= Sadb ingen Chuinn =

Semi-legendary Irish Princess

Sadb ingen Chuinn was a daughter of Conn of the Hundred Battles, a High King of Ireland. She married firstly Macnia mac Lugdach, prince of the Dáirine or Corcu Loígde, and was mother of Lugaid Mac Con, High King of Ireland. Upon the death of Macnia, she married secondly Ailill Aulom, king of southern Ireland, and was mother of Éogan Mór, ancestor of the Eóganachta. Her brother was Art mac Cuinn, also a High King of Ireland, while her sister Sáruit married Conaire Cóem of the Érainn, who was High King before him.

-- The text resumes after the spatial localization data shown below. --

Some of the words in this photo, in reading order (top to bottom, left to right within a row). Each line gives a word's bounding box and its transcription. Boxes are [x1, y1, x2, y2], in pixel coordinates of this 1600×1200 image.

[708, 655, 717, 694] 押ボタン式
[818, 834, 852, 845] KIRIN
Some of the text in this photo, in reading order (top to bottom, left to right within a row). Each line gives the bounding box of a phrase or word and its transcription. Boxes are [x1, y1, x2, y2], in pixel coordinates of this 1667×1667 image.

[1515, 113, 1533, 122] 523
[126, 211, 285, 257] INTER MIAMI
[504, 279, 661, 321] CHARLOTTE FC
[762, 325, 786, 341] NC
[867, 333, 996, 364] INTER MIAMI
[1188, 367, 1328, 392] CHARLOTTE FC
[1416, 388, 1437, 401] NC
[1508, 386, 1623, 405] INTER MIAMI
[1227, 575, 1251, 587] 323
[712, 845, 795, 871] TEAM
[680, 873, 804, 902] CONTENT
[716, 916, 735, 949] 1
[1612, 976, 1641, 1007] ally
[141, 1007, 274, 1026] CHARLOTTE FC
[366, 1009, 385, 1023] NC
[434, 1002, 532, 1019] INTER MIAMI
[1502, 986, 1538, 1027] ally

The traditions vary. Alternatively, as in the Cath Maige Mucrama, she was the wife only of Ailill Aulom and mother of Éogan Mór, Cormac Cas, Cian, and Lugaid Mac Con's foster-mother.

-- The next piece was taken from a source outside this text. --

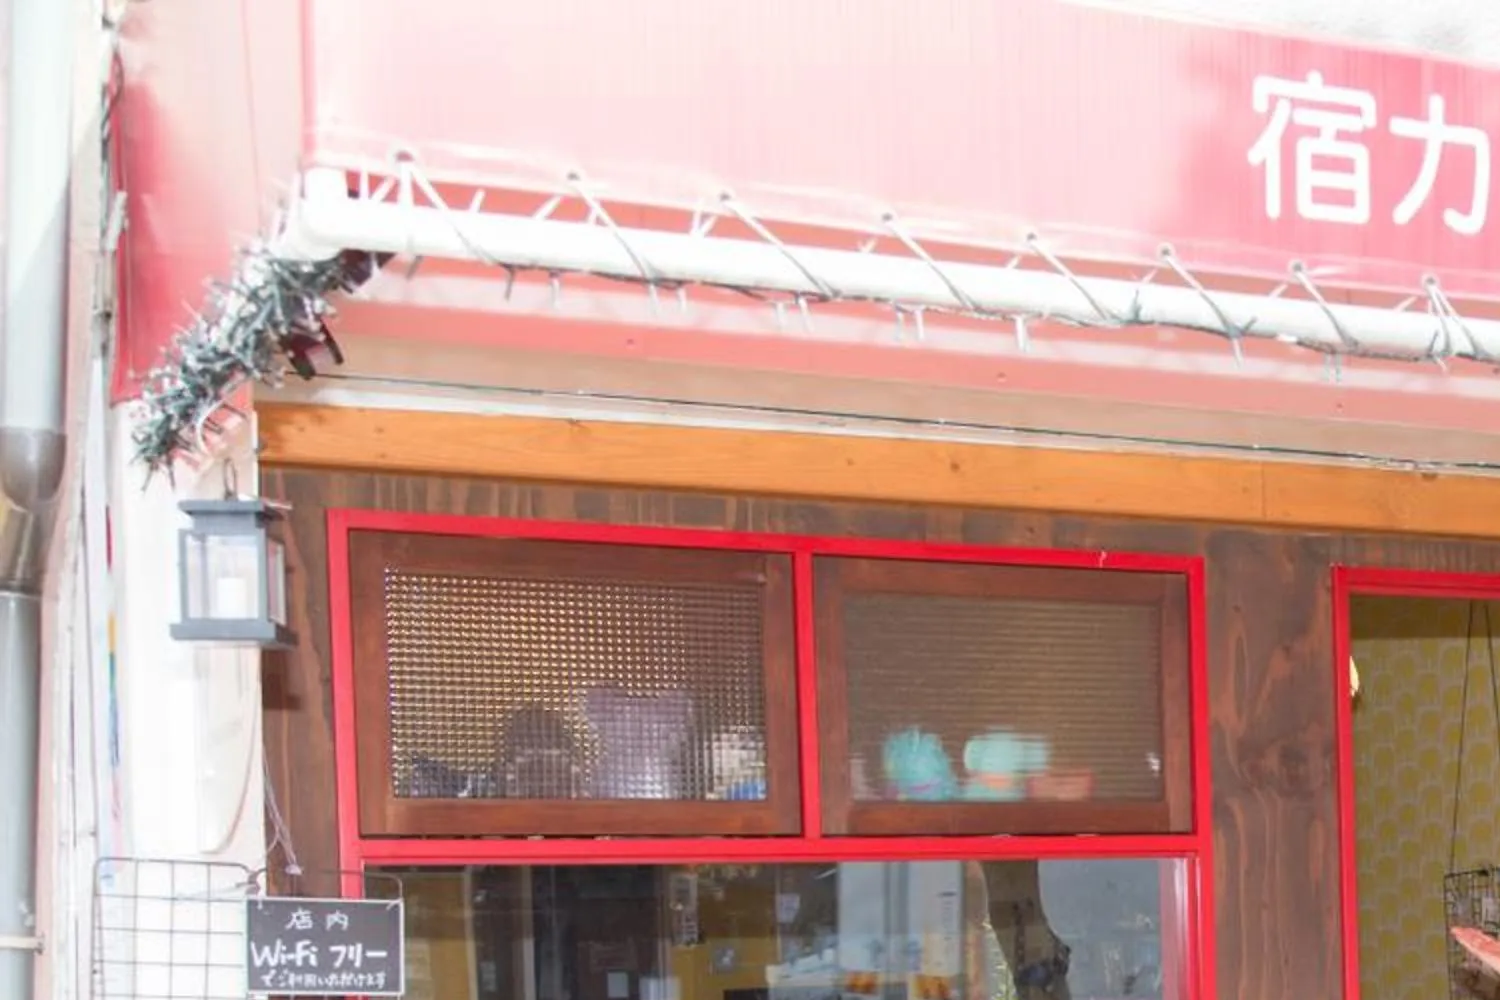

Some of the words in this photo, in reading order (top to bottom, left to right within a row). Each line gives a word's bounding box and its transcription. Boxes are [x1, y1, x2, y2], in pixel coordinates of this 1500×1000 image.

[285, 908, 350, 931] 店内
[250, 938, 318, 967] Wi-Fi
[328, 942, 388, 968] フリー

In the Cath Maige Léna, an Early Modern tale, Sadb is actually Mac Con's wife, although he is called Mac Nia and possibly confused with his father or grandfather.

Regardless, in historical times, she was chiefly remembered as an ancestor of the Eóganachta dynasties.

Possibly referred to in the Acallam na Senórach, Sadb is described as "one of the four best women that man ever lay with".

Sadhbh, mother of Oisín and wife of Fionn mac Cumhaill, is a separate figure.